(Data extracted from a collection)

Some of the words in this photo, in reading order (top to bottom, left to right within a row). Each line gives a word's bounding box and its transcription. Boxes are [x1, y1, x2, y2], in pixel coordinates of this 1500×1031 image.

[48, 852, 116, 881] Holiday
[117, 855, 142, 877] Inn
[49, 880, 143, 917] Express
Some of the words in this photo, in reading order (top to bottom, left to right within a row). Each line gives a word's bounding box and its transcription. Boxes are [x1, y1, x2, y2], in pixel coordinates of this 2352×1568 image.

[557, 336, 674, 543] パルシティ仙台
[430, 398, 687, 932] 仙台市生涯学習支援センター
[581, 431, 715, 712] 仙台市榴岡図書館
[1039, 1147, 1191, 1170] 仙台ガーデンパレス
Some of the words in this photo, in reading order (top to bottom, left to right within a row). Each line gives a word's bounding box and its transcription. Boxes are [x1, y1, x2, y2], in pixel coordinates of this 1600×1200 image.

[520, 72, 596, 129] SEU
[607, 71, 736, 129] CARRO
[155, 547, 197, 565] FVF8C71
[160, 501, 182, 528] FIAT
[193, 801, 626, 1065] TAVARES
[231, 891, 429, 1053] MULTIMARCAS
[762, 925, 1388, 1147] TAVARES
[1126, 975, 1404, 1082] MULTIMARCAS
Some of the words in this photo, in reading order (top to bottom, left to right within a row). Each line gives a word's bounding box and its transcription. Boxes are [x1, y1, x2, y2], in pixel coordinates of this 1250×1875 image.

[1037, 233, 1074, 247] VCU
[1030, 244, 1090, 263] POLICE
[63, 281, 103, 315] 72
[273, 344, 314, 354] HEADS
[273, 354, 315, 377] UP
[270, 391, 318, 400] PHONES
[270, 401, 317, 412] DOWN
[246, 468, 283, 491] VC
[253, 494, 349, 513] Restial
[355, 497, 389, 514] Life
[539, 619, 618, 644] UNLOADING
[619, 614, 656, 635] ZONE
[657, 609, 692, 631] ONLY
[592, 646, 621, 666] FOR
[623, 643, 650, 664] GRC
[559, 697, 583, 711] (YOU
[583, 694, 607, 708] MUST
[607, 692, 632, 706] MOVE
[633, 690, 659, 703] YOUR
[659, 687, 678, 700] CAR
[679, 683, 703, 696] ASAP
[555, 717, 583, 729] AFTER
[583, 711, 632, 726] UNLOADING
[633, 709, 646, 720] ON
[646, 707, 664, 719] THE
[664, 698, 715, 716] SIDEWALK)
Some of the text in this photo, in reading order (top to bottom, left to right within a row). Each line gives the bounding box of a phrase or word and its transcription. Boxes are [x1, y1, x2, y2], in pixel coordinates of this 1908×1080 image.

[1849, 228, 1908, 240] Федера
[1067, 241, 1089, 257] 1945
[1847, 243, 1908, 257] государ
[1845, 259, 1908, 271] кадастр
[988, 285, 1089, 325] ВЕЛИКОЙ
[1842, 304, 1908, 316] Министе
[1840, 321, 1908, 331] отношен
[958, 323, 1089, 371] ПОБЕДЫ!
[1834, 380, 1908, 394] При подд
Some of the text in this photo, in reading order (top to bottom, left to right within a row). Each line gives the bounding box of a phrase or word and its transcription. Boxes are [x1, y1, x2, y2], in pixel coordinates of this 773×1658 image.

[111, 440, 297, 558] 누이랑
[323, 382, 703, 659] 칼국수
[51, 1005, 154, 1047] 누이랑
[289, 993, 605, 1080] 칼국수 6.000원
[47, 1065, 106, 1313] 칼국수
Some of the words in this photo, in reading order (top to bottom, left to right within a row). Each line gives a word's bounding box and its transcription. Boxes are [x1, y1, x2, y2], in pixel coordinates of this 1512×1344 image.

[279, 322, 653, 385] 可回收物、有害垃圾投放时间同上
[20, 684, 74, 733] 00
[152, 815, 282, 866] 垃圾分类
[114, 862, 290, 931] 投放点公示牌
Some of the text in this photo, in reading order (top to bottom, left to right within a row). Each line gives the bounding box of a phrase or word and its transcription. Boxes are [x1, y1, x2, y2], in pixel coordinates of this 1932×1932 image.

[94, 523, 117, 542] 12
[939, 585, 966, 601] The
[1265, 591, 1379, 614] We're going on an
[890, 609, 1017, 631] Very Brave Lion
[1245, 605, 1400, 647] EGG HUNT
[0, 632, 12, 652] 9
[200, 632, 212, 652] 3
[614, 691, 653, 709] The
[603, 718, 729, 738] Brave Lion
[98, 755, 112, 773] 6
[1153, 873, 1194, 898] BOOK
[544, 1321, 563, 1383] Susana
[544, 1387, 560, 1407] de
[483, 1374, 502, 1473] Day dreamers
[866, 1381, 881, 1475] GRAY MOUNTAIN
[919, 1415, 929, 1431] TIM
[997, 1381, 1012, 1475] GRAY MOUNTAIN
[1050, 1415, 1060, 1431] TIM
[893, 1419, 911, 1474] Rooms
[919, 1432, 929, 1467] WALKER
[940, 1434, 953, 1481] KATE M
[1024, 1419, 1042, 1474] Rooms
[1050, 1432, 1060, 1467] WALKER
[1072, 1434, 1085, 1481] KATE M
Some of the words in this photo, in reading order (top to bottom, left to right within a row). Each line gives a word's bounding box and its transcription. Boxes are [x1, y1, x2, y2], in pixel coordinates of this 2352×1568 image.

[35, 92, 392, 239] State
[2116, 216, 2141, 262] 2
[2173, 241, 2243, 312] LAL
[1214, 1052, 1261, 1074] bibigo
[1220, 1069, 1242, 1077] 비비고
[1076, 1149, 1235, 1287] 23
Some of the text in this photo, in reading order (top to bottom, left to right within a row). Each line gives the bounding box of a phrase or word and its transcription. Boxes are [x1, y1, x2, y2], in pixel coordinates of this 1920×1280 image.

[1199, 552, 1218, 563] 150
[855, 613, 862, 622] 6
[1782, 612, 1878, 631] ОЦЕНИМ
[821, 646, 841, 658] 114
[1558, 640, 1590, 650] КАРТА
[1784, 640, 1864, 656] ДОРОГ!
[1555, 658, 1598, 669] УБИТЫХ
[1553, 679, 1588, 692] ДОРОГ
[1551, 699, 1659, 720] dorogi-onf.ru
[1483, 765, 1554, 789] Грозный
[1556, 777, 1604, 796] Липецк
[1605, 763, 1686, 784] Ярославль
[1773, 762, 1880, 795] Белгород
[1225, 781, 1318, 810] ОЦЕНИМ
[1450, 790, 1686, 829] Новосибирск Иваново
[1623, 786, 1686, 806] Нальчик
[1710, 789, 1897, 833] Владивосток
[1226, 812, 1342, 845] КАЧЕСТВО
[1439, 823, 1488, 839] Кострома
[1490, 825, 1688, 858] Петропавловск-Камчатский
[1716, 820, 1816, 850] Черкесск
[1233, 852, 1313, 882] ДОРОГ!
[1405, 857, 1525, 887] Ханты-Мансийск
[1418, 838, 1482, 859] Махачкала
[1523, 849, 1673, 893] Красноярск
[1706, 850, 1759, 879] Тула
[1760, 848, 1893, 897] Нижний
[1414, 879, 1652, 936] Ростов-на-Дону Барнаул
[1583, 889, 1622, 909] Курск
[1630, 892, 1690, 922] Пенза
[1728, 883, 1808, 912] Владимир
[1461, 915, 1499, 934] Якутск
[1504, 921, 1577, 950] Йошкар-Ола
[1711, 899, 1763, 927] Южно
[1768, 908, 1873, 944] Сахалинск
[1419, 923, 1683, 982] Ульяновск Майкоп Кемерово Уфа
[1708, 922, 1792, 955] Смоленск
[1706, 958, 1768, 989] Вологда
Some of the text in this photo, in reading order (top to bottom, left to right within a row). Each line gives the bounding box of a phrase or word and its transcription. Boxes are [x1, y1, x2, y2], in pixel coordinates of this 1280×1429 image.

What to do:
The line containing "this 1920×1280 image." and every line after it, up to and including the last line of the records, should be reproduced exactly, with nothing else.

Completed task:
Some of the text in this photo, in reading order (top to bottom, left to right within a row). Each line gives the bounding box of a phrase or word and its transcription. Boxes are [x1, y1, x2, y2], in pixel coordinates of this 1920×1280 image.

[1199, 552, 1218, 563] 150
[855, 613, 862, 622] 6
[1782, 612, 1878, 631] ОЦЕНИМ
[821, 646, 841, 658] 114
[1558, 640, 1590, 650] КАРТА
[1784, 640, 1864, 656] ДОРОГ!
[1555, 658, 1598, 669] УБИТЫХ
[1553, 679, 1588, 692] ДОРОГ
[1551, 699, 1659, 720] dorogi-onf.ru
[1483, 765, 1554, 789] Грозный
[1556, 777, 1604, 796] Липецк
[1605, 763, 1686, 784] Ярославль
[1773, 762, 1880, 795] Белгород
[1225, 781, 1318, 810] ОЦЕНИМ
[1450, 790, 1686, 829] Новосибирск Иваново
[1623, 786, 1686, 806] Нальчик
[1710, 789, 1897, 833] Владивосток
[1226, 812, 1342, 845] КАЧЕСТВО
[1439, 823, 1488, 839] Кострома
[1490, 825, 1688, 858] Петропавловск-Камчатский
[1716, 820, 1816, 850] Черкесск
[1233, 852, 1313, 882] ДОРОГ!
[1405, 857, 1525, 887] Ханты-Мансийск
[1418, 838, 1482, 859] Махачкала
[1523, 849, 1673, 893] Красноярск
[1706, 850, 1759, 879] Тула
[1760, 848, 1893, 897] Нижний
[1414, 879, 1652, 936] Ростов-на-Дону Барнаул
[1583, 889, 1622, 909] Курск
[1630, 892, 1690, 922] Пенза
[1728, 883, 1808, 912] Владимир
[1461, 915, 1499, 934] Якутск
[1504, 921, 1577, 950] Йошкар-Ола
[1711, 899, 1763, 927] Южно
[1768, 908, 1873, 944] Сахалинск
[1419, 923, 1683, 982] Ульяновск Майкоп Кемерово Уфа
[1708, 922, 1792, 955] Смоленск
[1706, 958, 1768, 989] Вологда
Some of the text in this photo, in reading order (top to bottom, left to right within a row). Each line gives the bounding box of a phrase or word and its transcription. Boxes are [x1, y1, x2, y2], in pixel coordinates of this 1280×1429 image.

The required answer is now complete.